WHAT TO WORK ON.
Nothing in the listing should be dropped or altered when it is copied.

──────

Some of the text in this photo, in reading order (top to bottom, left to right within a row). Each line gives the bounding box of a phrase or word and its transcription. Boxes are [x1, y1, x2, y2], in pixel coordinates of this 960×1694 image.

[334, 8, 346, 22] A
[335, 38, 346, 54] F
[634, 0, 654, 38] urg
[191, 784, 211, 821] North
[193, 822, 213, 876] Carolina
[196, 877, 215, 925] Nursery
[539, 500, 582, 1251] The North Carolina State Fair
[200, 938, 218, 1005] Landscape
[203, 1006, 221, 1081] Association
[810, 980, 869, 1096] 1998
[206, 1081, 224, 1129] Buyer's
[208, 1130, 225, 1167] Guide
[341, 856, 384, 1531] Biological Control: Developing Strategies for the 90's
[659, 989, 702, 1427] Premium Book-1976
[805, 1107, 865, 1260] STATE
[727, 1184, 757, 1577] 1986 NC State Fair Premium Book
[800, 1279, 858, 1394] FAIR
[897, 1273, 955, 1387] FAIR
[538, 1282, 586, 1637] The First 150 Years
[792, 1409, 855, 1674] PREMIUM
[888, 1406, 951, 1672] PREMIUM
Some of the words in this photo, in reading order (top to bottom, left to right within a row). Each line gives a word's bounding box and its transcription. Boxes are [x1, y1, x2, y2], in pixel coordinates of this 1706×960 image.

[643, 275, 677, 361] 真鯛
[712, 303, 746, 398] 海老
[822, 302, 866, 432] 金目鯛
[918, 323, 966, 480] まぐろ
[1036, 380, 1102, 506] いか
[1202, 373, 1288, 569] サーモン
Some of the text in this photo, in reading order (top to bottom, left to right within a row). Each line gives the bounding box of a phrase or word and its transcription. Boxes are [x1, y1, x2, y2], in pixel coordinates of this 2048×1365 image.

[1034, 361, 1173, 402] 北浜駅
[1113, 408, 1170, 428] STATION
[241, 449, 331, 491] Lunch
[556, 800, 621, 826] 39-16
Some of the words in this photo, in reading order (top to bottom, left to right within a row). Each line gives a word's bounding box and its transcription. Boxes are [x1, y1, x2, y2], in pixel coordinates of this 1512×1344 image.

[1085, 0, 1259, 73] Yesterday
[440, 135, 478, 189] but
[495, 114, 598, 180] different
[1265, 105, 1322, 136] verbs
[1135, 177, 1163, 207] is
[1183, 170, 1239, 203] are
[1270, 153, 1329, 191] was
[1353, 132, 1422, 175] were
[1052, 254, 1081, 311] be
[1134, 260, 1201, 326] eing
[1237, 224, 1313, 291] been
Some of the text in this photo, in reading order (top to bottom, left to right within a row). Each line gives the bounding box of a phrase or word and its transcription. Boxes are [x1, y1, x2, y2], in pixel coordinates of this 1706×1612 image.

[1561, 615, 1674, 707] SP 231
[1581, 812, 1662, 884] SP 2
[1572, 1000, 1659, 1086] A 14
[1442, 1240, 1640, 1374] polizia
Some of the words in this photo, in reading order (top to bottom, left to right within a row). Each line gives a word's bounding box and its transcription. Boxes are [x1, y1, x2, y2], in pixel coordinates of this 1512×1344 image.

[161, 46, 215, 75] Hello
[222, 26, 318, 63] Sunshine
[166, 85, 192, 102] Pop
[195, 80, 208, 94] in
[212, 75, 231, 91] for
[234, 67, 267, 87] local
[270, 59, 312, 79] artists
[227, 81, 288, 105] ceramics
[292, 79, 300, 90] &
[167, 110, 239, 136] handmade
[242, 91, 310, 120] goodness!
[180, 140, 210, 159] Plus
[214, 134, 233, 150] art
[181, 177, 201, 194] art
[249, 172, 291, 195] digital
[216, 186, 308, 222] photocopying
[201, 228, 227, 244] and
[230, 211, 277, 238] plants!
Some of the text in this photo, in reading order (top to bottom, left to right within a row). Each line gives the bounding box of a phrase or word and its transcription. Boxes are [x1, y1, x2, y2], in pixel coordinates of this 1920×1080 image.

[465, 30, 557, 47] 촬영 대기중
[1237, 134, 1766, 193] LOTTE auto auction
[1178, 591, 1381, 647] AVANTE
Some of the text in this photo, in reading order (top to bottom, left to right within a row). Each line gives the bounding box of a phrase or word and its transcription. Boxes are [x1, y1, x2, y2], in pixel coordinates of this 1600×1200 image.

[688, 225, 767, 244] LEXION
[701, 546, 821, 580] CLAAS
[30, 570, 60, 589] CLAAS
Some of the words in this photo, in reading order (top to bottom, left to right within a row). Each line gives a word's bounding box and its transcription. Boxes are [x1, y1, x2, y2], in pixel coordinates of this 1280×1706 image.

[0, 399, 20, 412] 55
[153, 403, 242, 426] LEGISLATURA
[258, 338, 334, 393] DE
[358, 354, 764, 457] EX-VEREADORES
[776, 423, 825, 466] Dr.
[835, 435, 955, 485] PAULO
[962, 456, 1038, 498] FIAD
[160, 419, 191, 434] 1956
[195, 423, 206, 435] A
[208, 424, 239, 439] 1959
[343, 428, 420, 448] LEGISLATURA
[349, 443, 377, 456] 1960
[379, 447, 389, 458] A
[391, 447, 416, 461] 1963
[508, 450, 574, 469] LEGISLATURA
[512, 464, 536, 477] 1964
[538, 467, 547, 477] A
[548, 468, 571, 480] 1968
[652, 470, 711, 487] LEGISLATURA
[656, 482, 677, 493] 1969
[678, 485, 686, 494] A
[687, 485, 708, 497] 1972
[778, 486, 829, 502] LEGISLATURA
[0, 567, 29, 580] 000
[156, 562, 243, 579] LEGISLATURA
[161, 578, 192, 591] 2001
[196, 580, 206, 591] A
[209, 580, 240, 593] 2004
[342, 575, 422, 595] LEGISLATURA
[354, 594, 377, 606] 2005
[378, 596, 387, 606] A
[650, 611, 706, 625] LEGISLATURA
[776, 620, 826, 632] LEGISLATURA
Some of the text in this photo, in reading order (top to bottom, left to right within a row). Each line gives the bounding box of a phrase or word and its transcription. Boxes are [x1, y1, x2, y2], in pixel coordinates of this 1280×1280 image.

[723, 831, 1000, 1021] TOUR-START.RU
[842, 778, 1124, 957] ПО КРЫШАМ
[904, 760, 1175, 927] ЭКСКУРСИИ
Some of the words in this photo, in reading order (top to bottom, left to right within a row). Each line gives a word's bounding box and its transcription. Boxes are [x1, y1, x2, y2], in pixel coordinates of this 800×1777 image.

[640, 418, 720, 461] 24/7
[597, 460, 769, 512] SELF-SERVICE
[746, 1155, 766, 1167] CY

──────

ANSWER SPACE.
Some of the text in this photo, in reading order (top to bottom, left to right within a row). Each line gives the bounding box of a phrase or word and its transcription. Boxes are [x1, y1, x2, y2], in pixel coordinates of this 960×1694 image.

[334, 8, 346, 22] A
[335, 38, 346, 54] F
[634, 0, 654, 38] urg
[191, 784, 211, 821] North
[193, 822, 213, 876] Carolina
[196, 877, 215, 925] Nursery
[539, 500, 582, 1251] The North Carolina State Fair
[200, 938, 218, 1005] Landscape
[203, 1006, 221, 1081] Association
[810, 980, 869, 1096] 1998
[206, 1081, 224, 1129] Buyer's
[208, 1130, 225, 1167] Guide
[341, 856, 384, 1531] Biological Control: Developing Strategies for the 90's
[659, 989, 702, 1427] Premium Book-1976
[805, 1107, 865, 1260] STATE
[727, 1184, 757, 1577] 1986 NC State Fair Premium Book
[800, 1279, 858, 1394] FAIR
[897, 1273, 955, 1387] FAIR
[538, 1282, 586, 1637] The First 150 Years
[792, 1409, 855, 1674] PREMIUM
[888, 1406, 951, 1672] PREMIUM
Some of the words in this photo, in reading order (top to bottom, left to right within a row). Each line gives a word's bounding box and its transcription. Boxes are [x1, y1, x2, y2], in pixel coordinates of this 1706×960 image.

[643, 275, 677, 361] 真鯛
[712, 303, 746, 398] 海老
[822, 302, 866, 432] 金目鯛
[918, 323, 966, 480] まぐろ
[1036, 380, 1102, 506] いか
[1202, 373, 1288, 569] サーモン
Some of the text in this photo, in reading order (top to bottom, left to right within a row). Each line gives the bounding box of a phrase or word and its transcription. Boxes are [x1, y1, x2, y2], in pixel coordinates of this 2048×1365 image.

[1034, 361, 1173, 402] 北浜駅
[1113, 408, 1170, 428] STATION
[241, 449, 331, 491] Lunch
[556, 800, 621, 826] 39-16
Some of the words in this photo, in reading order (top to bottom, left to right within a row). Each line gives a word's bounding box and its transcription. Boxes are [x1, y1, x2, y2], in pixel coordinates of this 1512×1344 image.

[1085, 0, 1259, 73] Yesterday
[440, 135, 478, 189] but
[495, 114, 598, 180] different
[1265, 105, 1322, 136] verbs
[1135, 177, 1163, 207] is
[1183, 170, 1239, 203] are
[1270, 153, 1329, 191] was
[1353, 132, 1422, 175] were
[1052, 254, 1081, 311] be
[1134, 260, 1201, 326] eing
[1237, 224, 1313, 291] been
Some of the text in this photo, in reading order (top to bottom, left to right within a row). Each line gives the bounding box of a phrase or word and its transcription. Boxes are [x1, y1, x2, y2], in pixel coordinates of this 1706×1612 image.

[1561, 615, 1674, 707] SP 231
[1581, 812, 1662, 884] SP 2
[1572, 1000, 1659, 1086] A 14
[1442, 1240, 1640, 1374] polizia
Some of the words in this photo, in reading order (top to bottom, left to right within a row). Each line gives a word's bounding box and its transcription. Boxes are [x1, y1, x2, y2], in pixel coordinates of this 1512×1344 image.

[161, 46, 215, 75] Hello
[222, 26, 318, 63] Sunshine
[166, 85, 192, 102] Pop
[195, 80, 208, 94] in
[212, 75, 231, 91] for
[234, 67, 267, 87] local
[270, 59, 312, 79] artists
[227, 81, 288, 105] ceramics
[292, 79, 300, 90] &
[167, 110, 239, 136] handmade
[242, 91, 310, 120] goodness!
[180, 140, 210, 159] Plus
[214, 134, 233, 150] art
[181, 177, 201, 194] art
[249, 172, 291, 195] digital
[216, 186, 308, 222] photocopying
[201, 228, 227, 244] and
[230, 211, 277, 238] plants!
Some of the text in this photo, in reading order (top to bottom, left to right within a row). Each line gives the bounding box of a phrase or word and its transcription. Boxes are [x1, y1, x2, y2], in pixel coordinates of this 1920×1080 image.

[465, 30, 557, 47] 촬영 대기중
[1237, 134, 1766, 193] LOTTE auto auction
[1178, 591, 1381, 647] AVANTE
Some of the text in this photo, in reading order (top to bottom, left to right within a row). Each line gives the bounding box of a phrase or word and its transcription. Boxes are [x1, y1, x2, y2], in pixel coordinates of this 1600×1200 image.

[688, 225, 767, 244] LEXION
[701, 546, 821, 580] CLAAS
[30, 570, 60, 589] CLAAS
Some of the words in this photo, in reading order (top to bottom, left to right within a row). Each line gives a word's bounding box and its transcription. Boxes are [x1, y1, x2, y2], in pixel coordinates of this 1280×1706 image.

[0, 399, 20, 412] 55
[153, 403, 242, 426] LEGISLATURA
[258, 338, 334, 393] DE
[358, 354, 764, 457] EX-VEREADORES
[776, 423, 825, 466] Dr.
[835, 435, 955, 485] PAULO
[962, 456, 1038, 498] FIAD
[160, 419, 191, 434] 1956
[195, 423, 206, 435] A
[208, 424, 239, 439] 1959
[343, 428, 420, 448] LEGISLATURA
[349, 443, 377, 456] 1960
[379, 447, 389, 458] A
[391, 447, 416, 461] 1963
[508, 450, 574, 469] LEGISLATURA
[512, 464, 536, 477] 1964
[538, 467, 547, 477] A
[548, 468, 571, 480] 1968
[652, 470, 711, 487] LEGISLATURA
[656, 482, 677, 493] 1969
[678, 485, 686, 494] A
[687, 485, 708, 497] 1972
[778, 486, 829, 502] LEGISLATURA
[0, 567, 29, 580] 000
[156, 562, 243, 579] LEGISLATURA
[161, 578, 192, 591] 2001
[196, 580, 206, 591] A
[209, 580, 240, 593] 2004
[342, 575, 422, 595] LEGISLATURA
[354, 594, 377, 606] 2005
[378, 596, 387, 606] A
[650, 611, 706, 625] LEGISLATURA
[776, 620, 826, 632] LEGISLATURA
Some of the text in this photo, in reading order (top to bottom, left to right within a row). Each line gives the bounding box of a phrase or word and its transcription. Boxes are [x1, y1, x2, y2], in pixel coordinates of this 1280×1280 image.

[723, 831, 1000, 1021] TOUR-START.RU
[842, 778, 1124, 957] ПО КРЫШАМ
[904, 760, 1175, 927] ЭКСКУРСИИ
Some of the words in this photo, in reading order (top to bottom, left to right within a row). Each line gives a word's bounding box and its transcription. Boxes are [x1, y1, x2, y2], in pixel coordinates of this 800×1777 image.

[640, 418, 720, 461] 24/7
[597, 460, 769, 512] SELF-SERVICE
[746, 1155, 766, 1167] CY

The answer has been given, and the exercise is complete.